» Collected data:
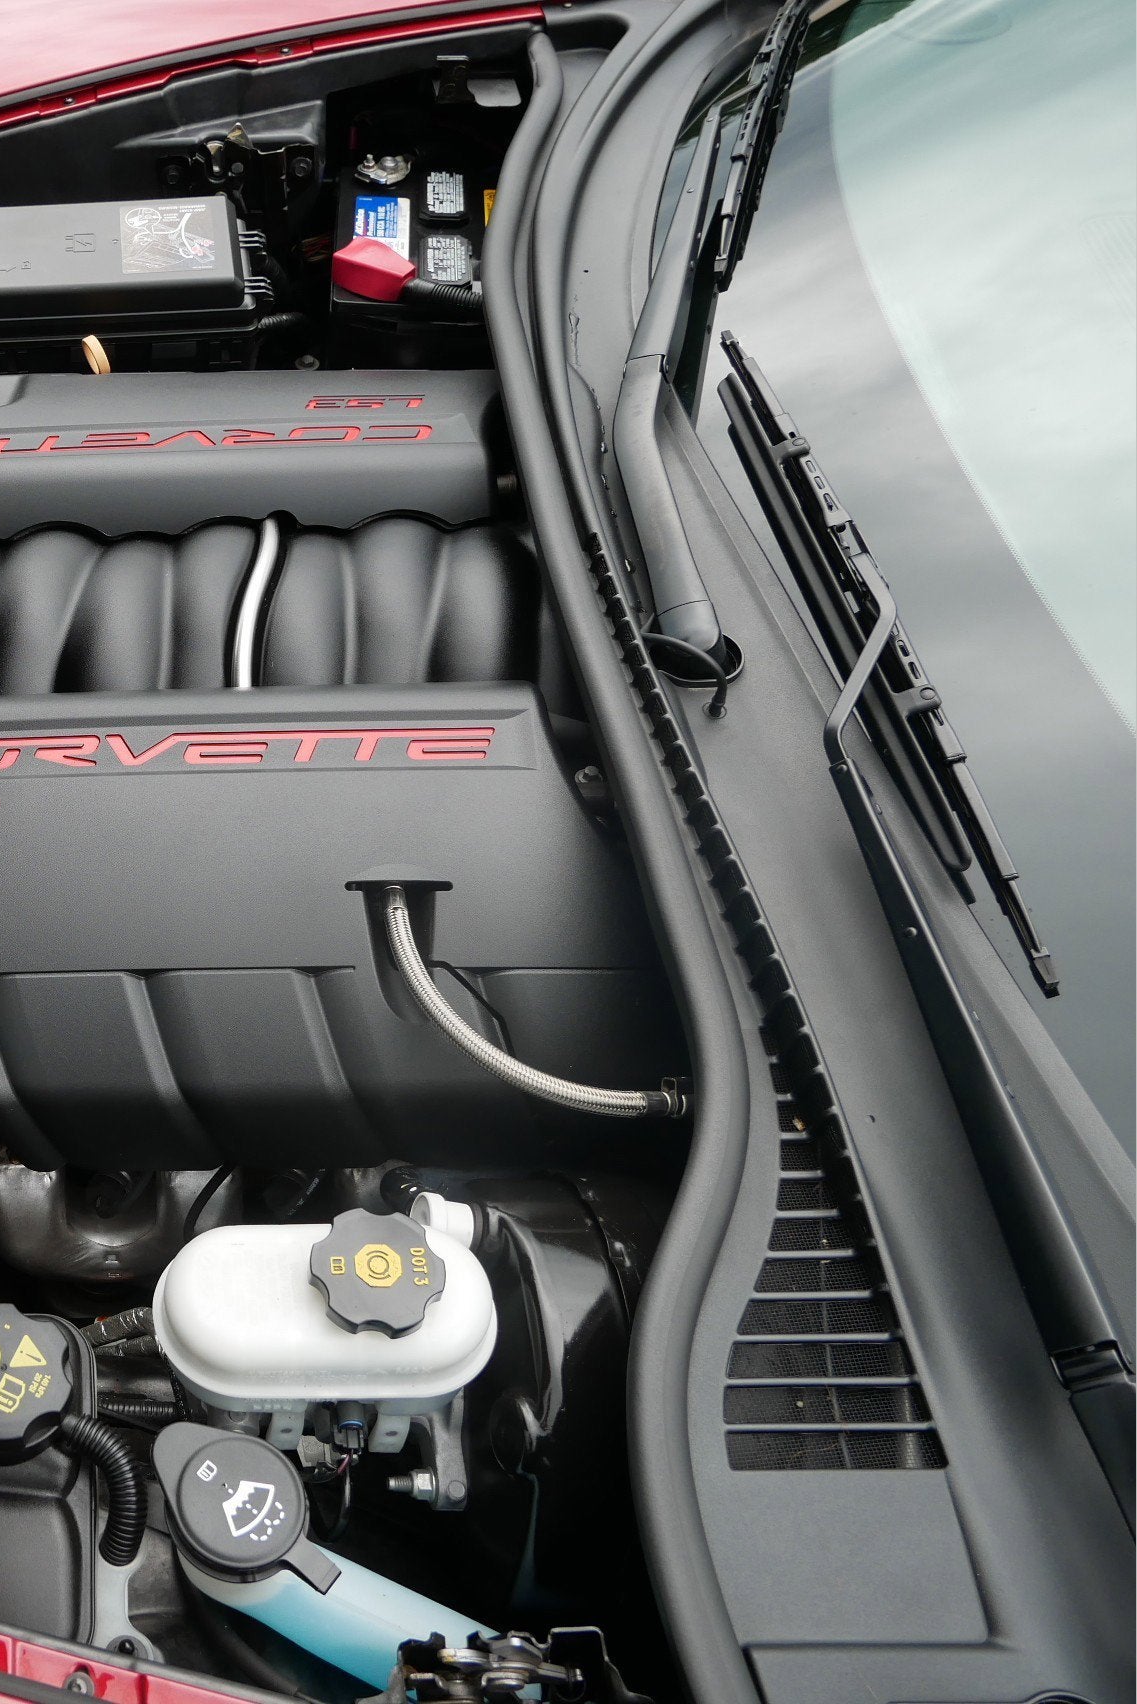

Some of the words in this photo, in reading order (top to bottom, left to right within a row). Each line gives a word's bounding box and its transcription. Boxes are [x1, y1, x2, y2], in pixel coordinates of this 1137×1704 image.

[305, 394, 426, 410] LS3
[410, 1247, 428, 1274] DOT
[414, 1277, 429, 1286] 3
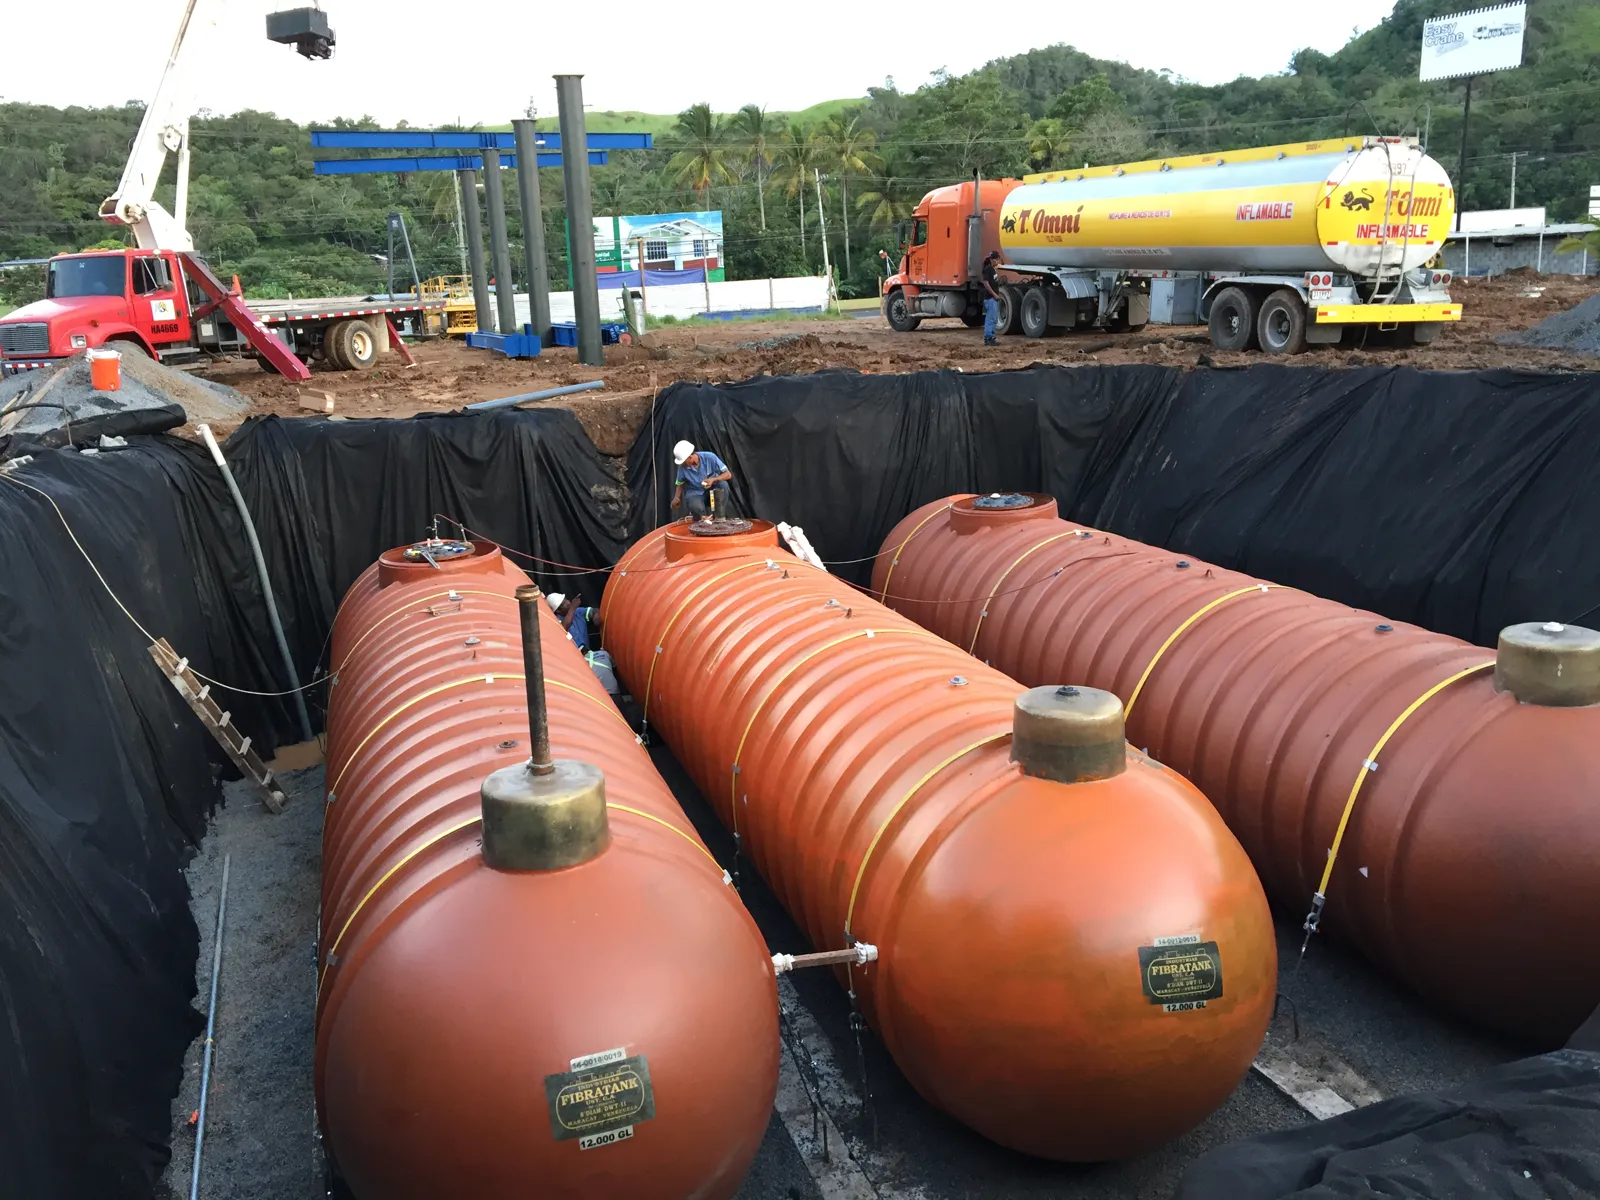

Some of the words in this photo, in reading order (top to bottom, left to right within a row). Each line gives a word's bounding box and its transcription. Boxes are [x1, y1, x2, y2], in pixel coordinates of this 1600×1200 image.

[1424, 22, 1458, 37] Easy
[1425, 32, 1465, 47] Crane
[1236, 203, 1293, 220] INFLAMABLE
[1398, 191, 1443, 217] Omni
[1019, 209, 1032, 234] T.
[1033, 205, 1084, 234] Omni
[1356, 224, 1428, 238] INFLAMABLE
[151, 324, 178, 333] HA4669
[1152, 960, 1211, 975] FIBRATANK
[1166, 1002, 1194, 1012] 12.000
[1196, 1001, 1206, 1009] GL
[578, 1077, 620, 1090] INDUSTRIAS
[561, 1078, 639, 1106] FIBRATANK
[580, 1132, 615, 1149] 12.000
[618, 1129, 632, 1139] GL
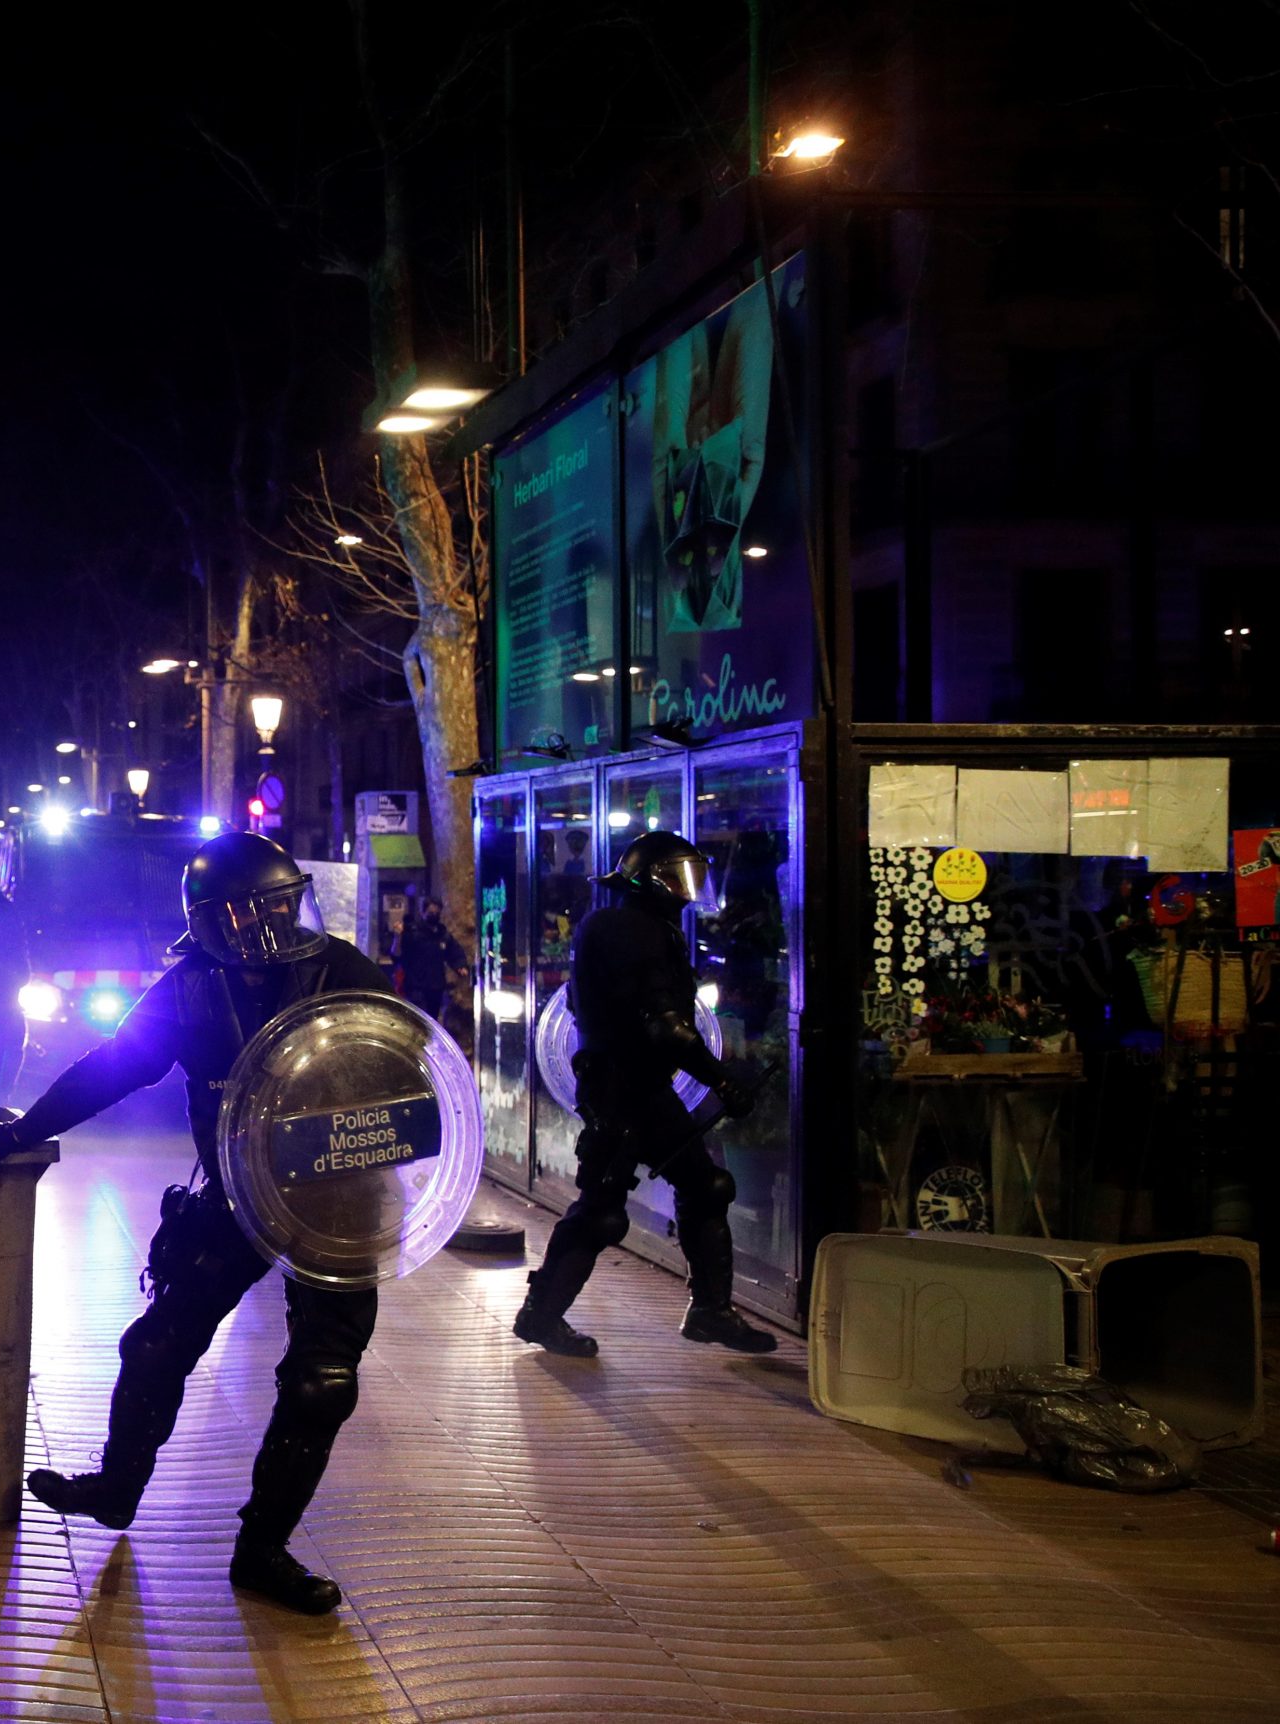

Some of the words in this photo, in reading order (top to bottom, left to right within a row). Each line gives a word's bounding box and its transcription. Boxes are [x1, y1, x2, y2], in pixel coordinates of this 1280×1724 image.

[555, 439, 589, 482] Floral
[332, 1107, 392, 1132] Policia
[329, 1127, 397, 1152] Mossos
[313, 1142, 413, 1173] d'Esquadra
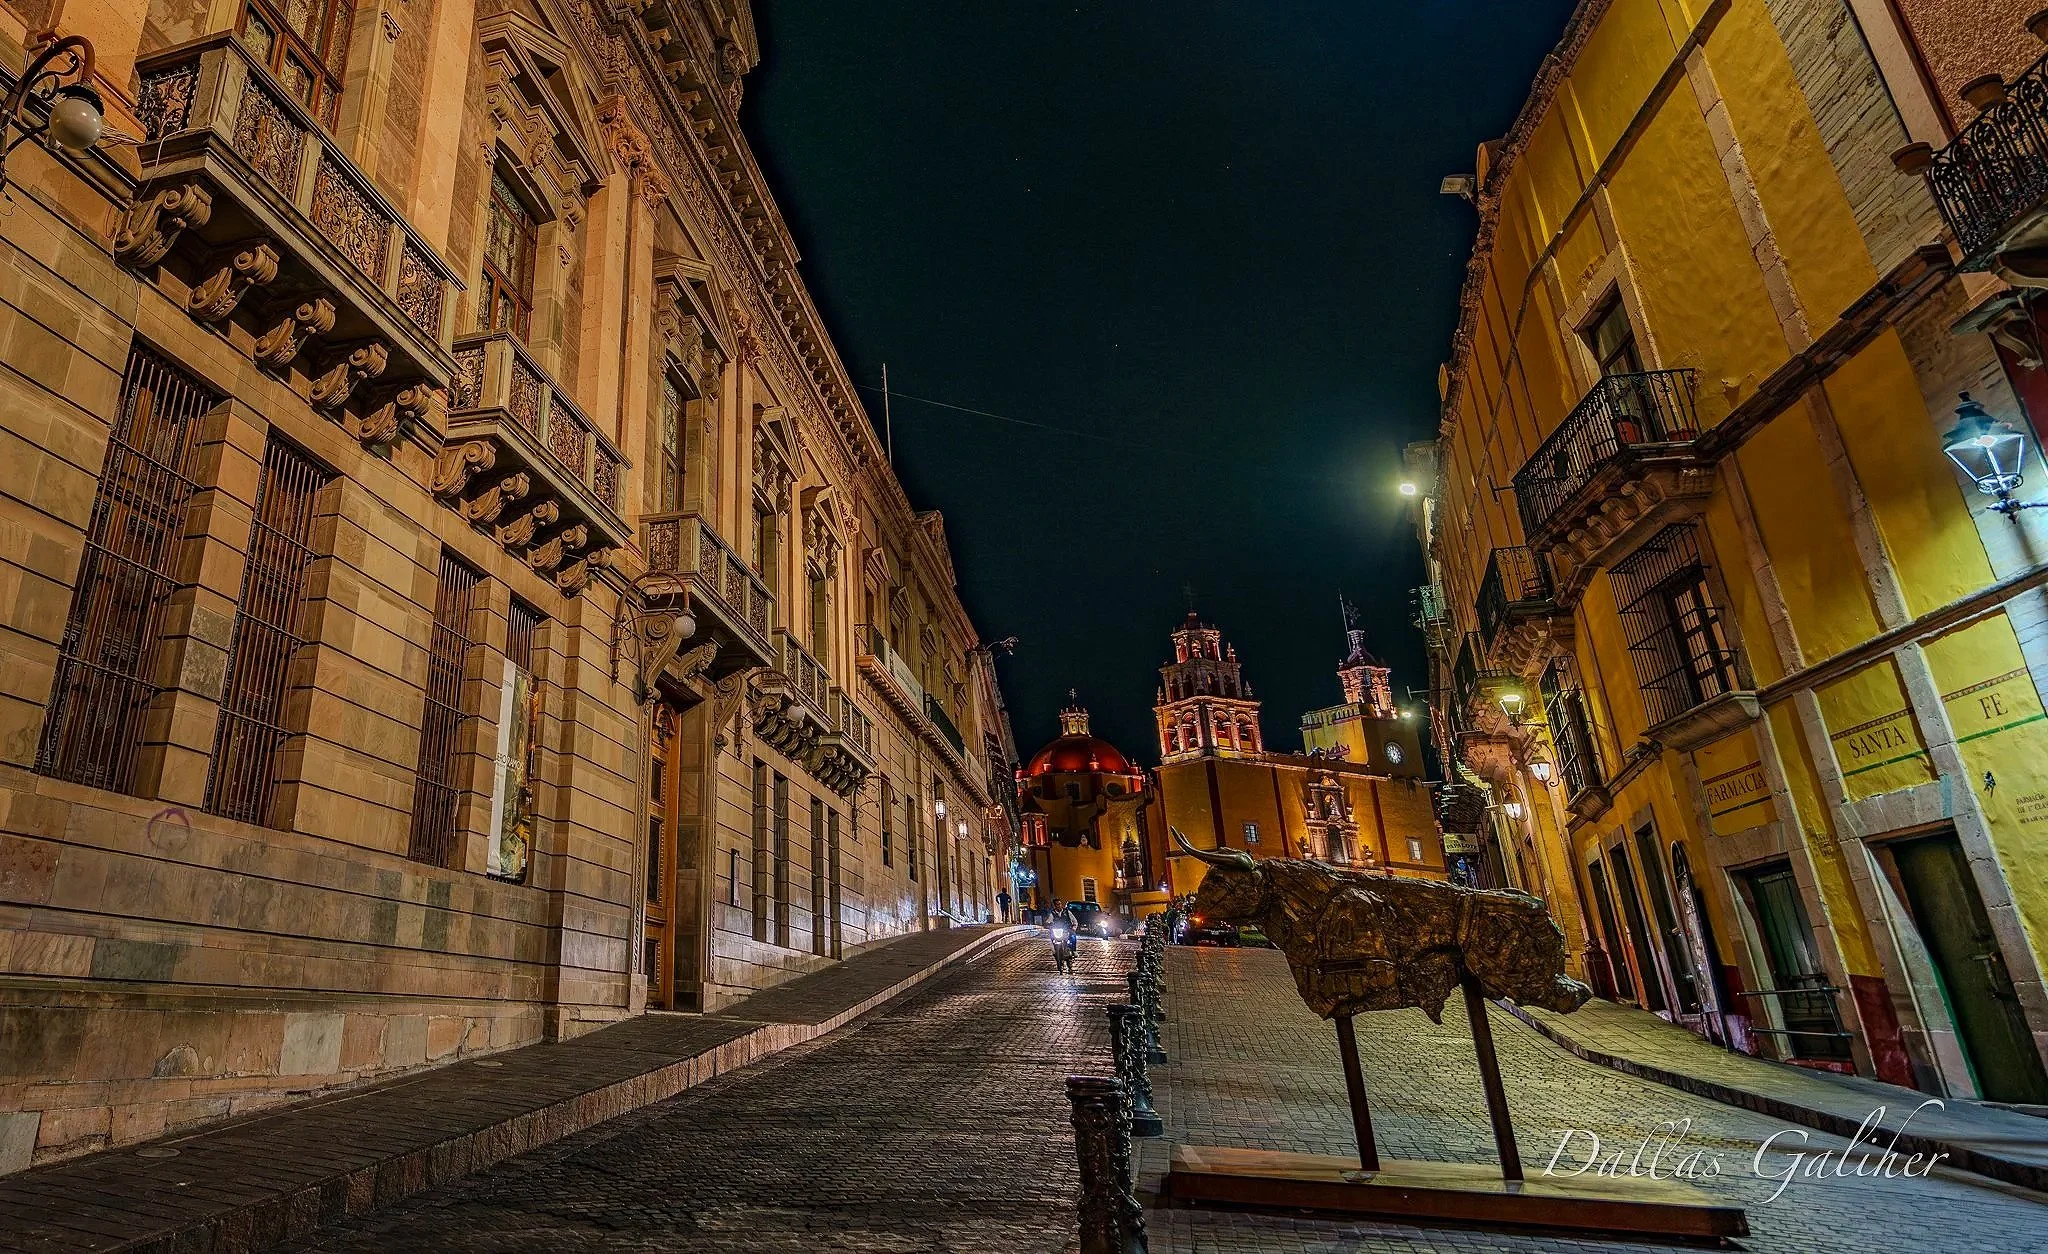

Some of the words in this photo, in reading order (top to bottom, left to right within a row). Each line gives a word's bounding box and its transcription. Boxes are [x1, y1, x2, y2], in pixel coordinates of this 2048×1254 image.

[1706, 771, 1768, 805] FARMACIA
[1850, 723, 1906, 759] SANTA
[1978, 692, 2008, 720] FE

» Try it:
Although the records contain pictures, restate them word for word with those pictures left out.

» Problem solution:
Some of the words in this photo, in reading order (top to bottom, left to right within a row). Each line gives a word's bounding box and its transcription. Boxes are [x1, y1, x2, y2], in pixel coordinates of this 1137×1704 image.

[305, 394, 426, 410] LS3
[410, 1247, 428, 1274] DOT
[414, 1277, 429, 1286] 3

Some of the words in this photo, in reading order (top to bottom, left to right within a row). Each line gives a word's bounding box and its transcription. Boxes are [x1, y1, x2, y2], in pixel coordinates of this 1600×1200 image.

[1424, 22, 1458, 37] Easy
[1425, 32, 1465, 47] Crane
[1236, 203, 1293, 220] INFLAMABLE
[1398, 191, 1443, 217] Omni
[1019, 209, 1032, 234] T.
[1033, 205, 1084, 234] Omni
[1356, 224, 1428, 238] INFLAMABLE
[151, 324, 178, 333] HA4669
[1152, 960, 1211, 975] FIBRATANK
[1166, 1002, 1194, 1012] 12.000
[1196, 1001, 1206, 1009] GL
[578, 1077, 620, 1090] INDUSTRIAS
[561, 1078, 639, 1106] FIBRATANK
[580, 1132, 615, 1149] 12.000
[618, 1129, 632, 1139] GL

Some of the words in this photo, in reading order (top to bottom, left to right within a row). Each line gives a word's bounding box and its transcription. Boxes are [x1, y1, x2, y2], in pixel coordinates of this 1280×1724 image.

[555, 439, 589, 482] Floral
[332, 1107, 392, 1132] Policia
[329, 1127, 397, 1152] Mossos
[313, 1142, 413, 1173] d'Esquadra

Some of the words in this photo, in reading order (top to bottom, left to right within a row). Each line gives a word's bounding box and its transcription. Boxes are [x1, y1, x2, y2], in pixel coordinates of this 2048×1254 image.

[1706, 771, 1768, 805] FARMACIA
[1850, 723, 1906, 759] SANTA
[1978, 692, 2008, 720] FE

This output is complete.